Torrance Nicola, Lawson Kenny D, Afolabi Ebenezer, Bennett Michael I, Serpell Michael G, Dunn Kate M, Smith Blair H
Medical Research Institute, University of Dundee, Dundee, Scotland, UK.
Centre for Research Excellence in the Prevention of Chronic Conditions in Rural and Remote Populations, James Cook University, Townsville City, Australia.
Pain. 2014 Oct;155(10):1996-2004. doi: 10.1016/j.pain.2014.07.001. Epub 2014 Jul 11.
The EQ-5D and Short Form (SF)12 are widely used generic health-related quality of life (HRQoL) questionnaires. They can be used to derive health utility index scores, on a scale where 0 is equivalent to death and 1 represents full health, with scores less than zero representing states "worse than death." We compared EQ-5D or SF-6D health utility index scores in patients with no chronic pain, and chronic pain with and without neuropathic characteristics (NC), and to explore their discriminant ability for pain severity. Self-reported health and chronic pain status was collected as part of a UK general population survey (n=4451). We found moderate agreement between individual dimensions of EQ-5D and SF-6D, with most highly correlated dimensions found for mental health and anxiety/depression, role limitations and usual activities, and pain and pain/discomfort. Overall 43% reported full health on the EQ-5D, compared with only 4.2% on the SF-6D. There were significant differences in mean utilities for chronic pain with NC (EQ-5D 0.47 vs SF-6D 0.62) and especially for severe pain (EQ-5D 0.33 vs SF-6D 0.58). On the EQ-5D, 17% of those with chronic pain with NC and 3% without NC scored "worse than death," a state which is not possible using the SF-6D. Health utilities derived from EQ-5D and SF-12/36 can discriminate between group differences for chronic pain with and without NC and greater pain severity. However, the instruments generate widely differing HRQoL scores for the same patient groups. The choice between using the EQ-5D or SF-6D matters greatly when estimating the burden of disease.

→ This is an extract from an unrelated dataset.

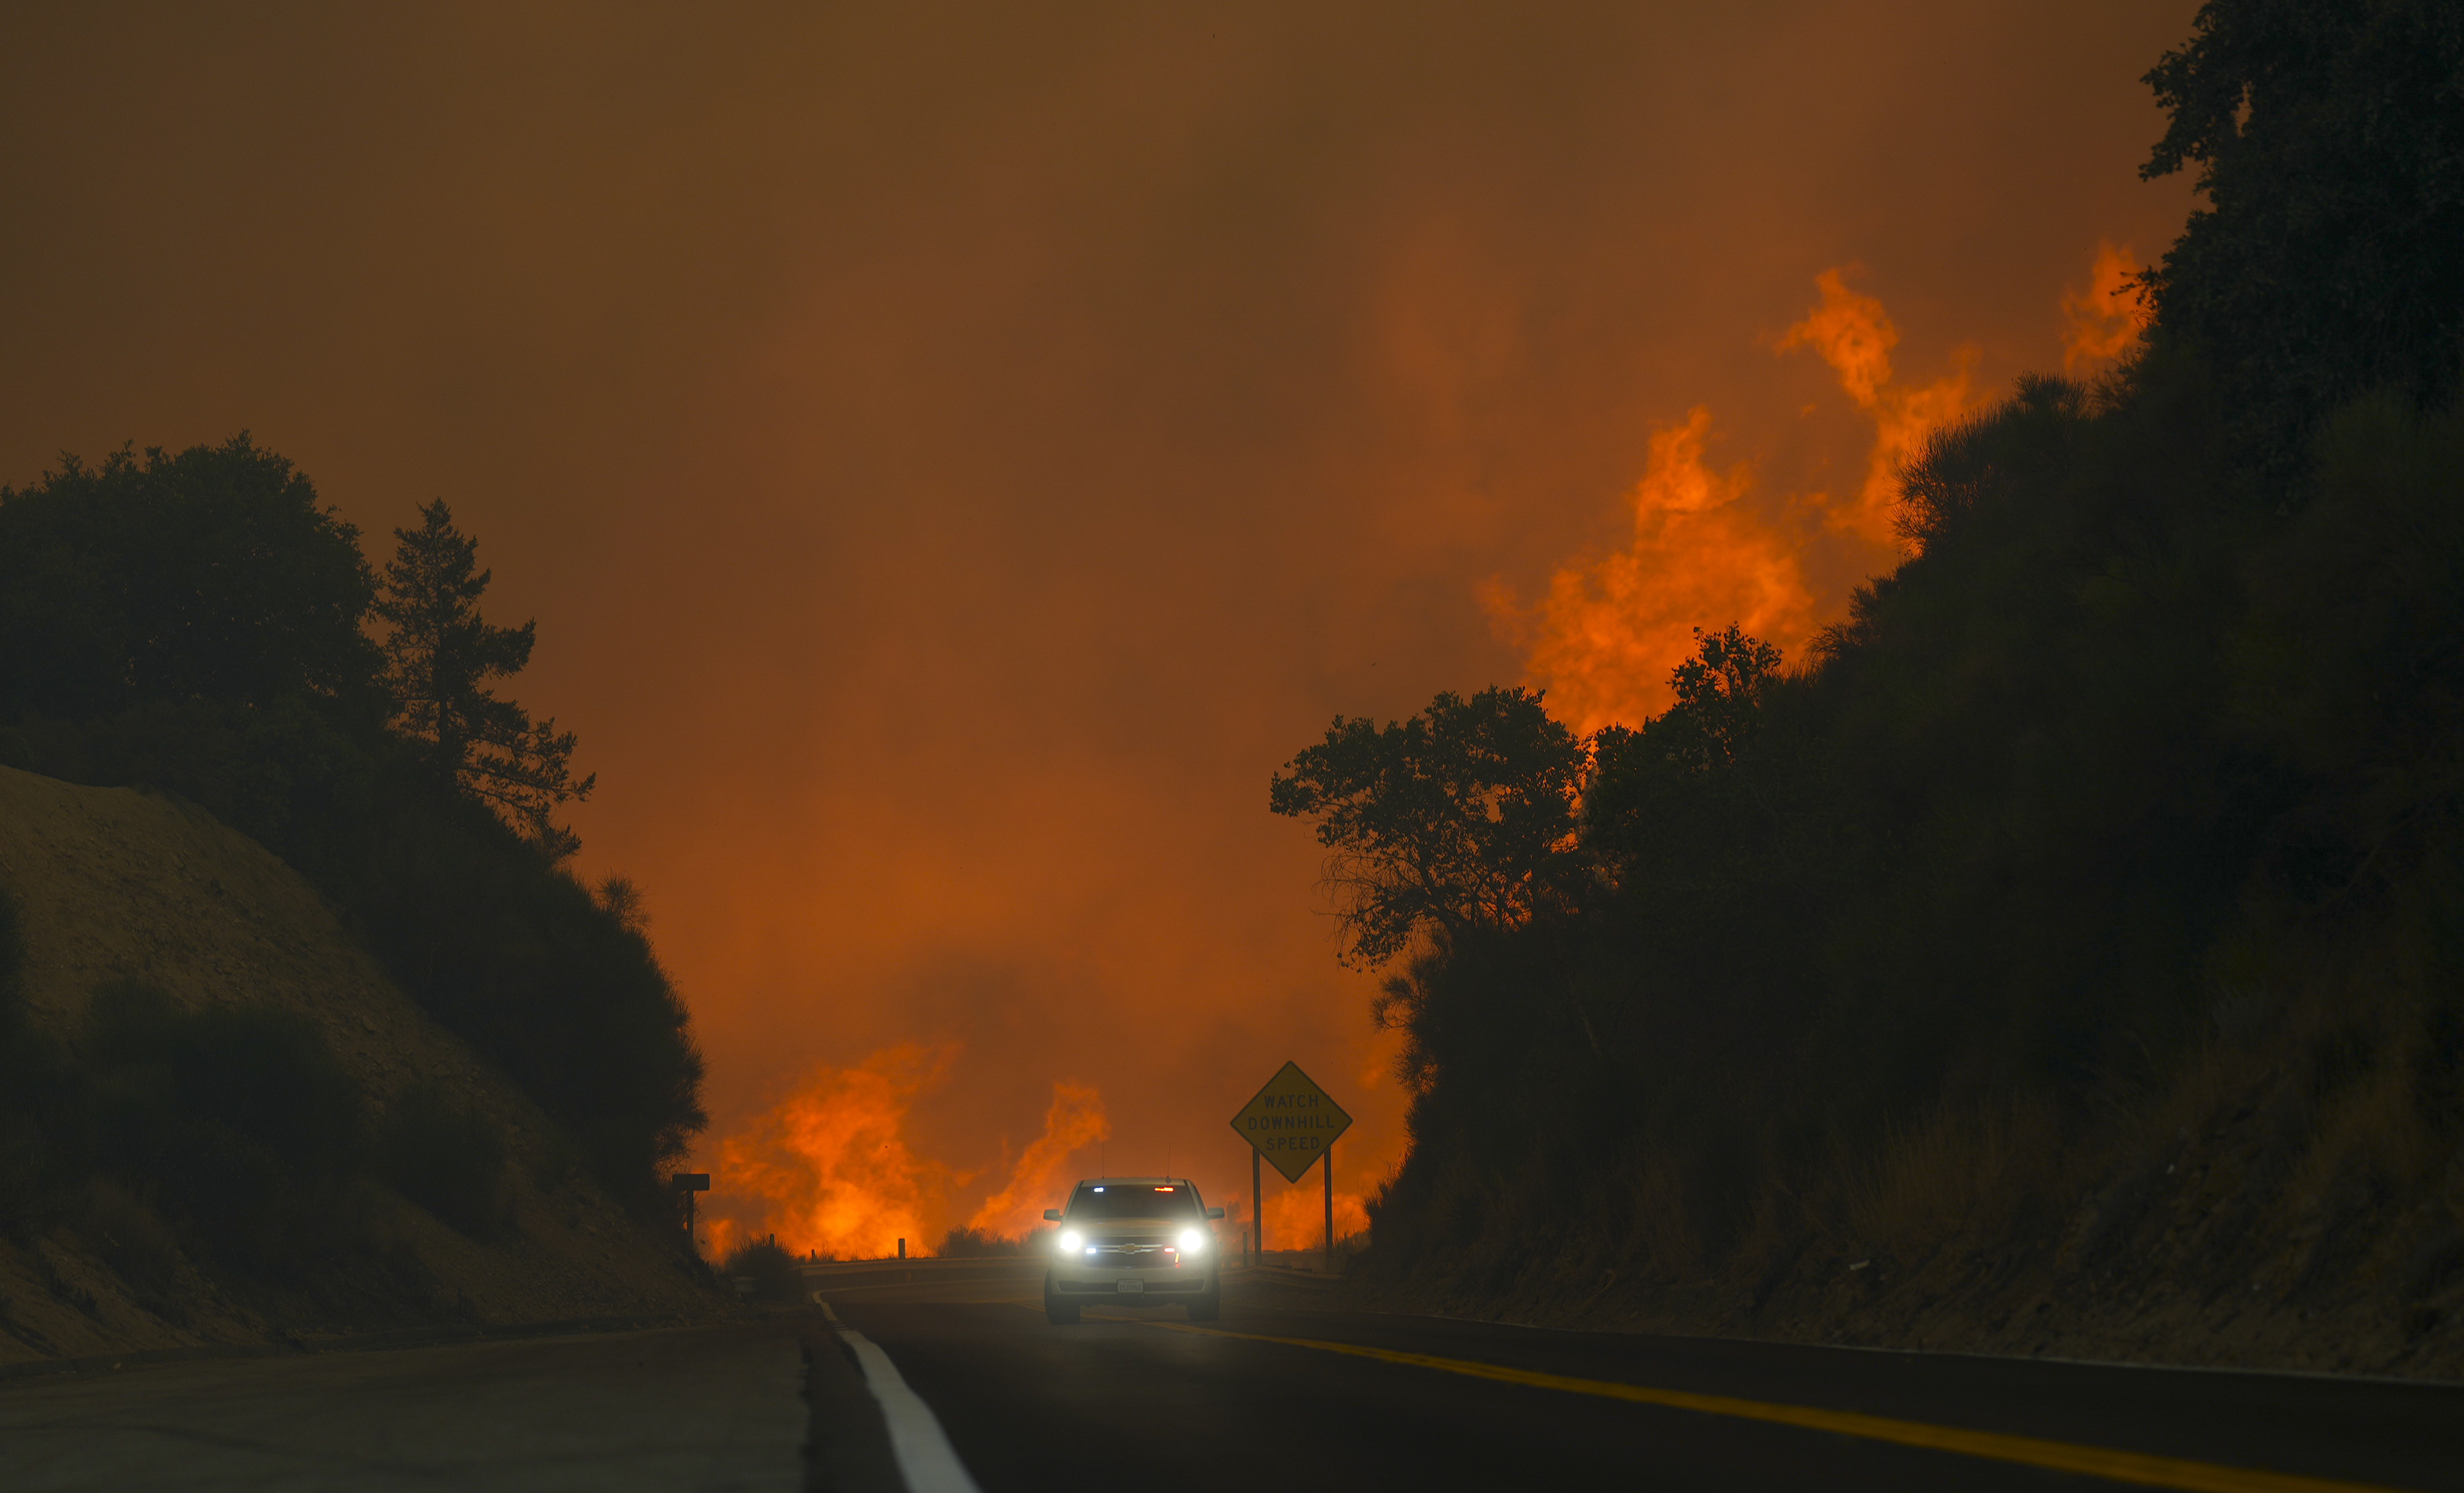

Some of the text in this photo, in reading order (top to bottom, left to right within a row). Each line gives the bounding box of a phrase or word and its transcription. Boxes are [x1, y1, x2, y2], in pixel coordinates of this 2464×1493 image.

[1264, 1094, 1319, 1108] WATCH
[1248, 1115, 1335, 1130] DOWNHILL
[1266, 1136, 1320, 1151] SPEED

EQ-5D和简表(SF)12是广泛使用的与健康相关的通用生活质量(HRQoL)问卷。它们可用于得出健康效用指数得分,范围是0相当于死亡,1代表完全健康,得分低于零表示“比死亡更糟”的状态。我们比较了无慢性疼痛、有和无神经病理性特征(NC)的慢性疼痛患者的EQ-5D或SF-6D健康效用指数得分,并探讨它们对疼痛严重程度的判别能力。作为英国一般人群调查(n = 4451)的一部分,收集了自我报告的健康状况和慢性疼痛状态。我们发现EQ-5D和SF-6D的各个维度之间存在中度一致性,心理健康与焦虑/抑郁、角色限制与日常活动、疼痛与疼痛/不适等维度的相关性最高。总体而言,43%的人在EQ-5D上报告完全健康,而在SF-6D上只有4.2%。有NC的慢性疼痛患者的平均效用存在显著差异(EQ-5D为0.47,而SF-6D为0.62),尤其是重度疼痛患者(EQ-5D为0.33,而SF-6D为0.58)。在EQ-5D上,有NC的慢性疼痛患者中有17%以及无NC的患者中有3%的得分“比死亡更糟”,而使用SF-6D则不可能出现这种情况。从EQ-5D和SF-12/36得出的健康效用可以区分有无NC的慢性疼痛患者群体差异以及更严重的疼痛程度。然而,这些工具对同一患者群体得出的HRQoL得分差异很大。在估计疾病负担时,选择使用EQ-5D还是SF-6D至关重要。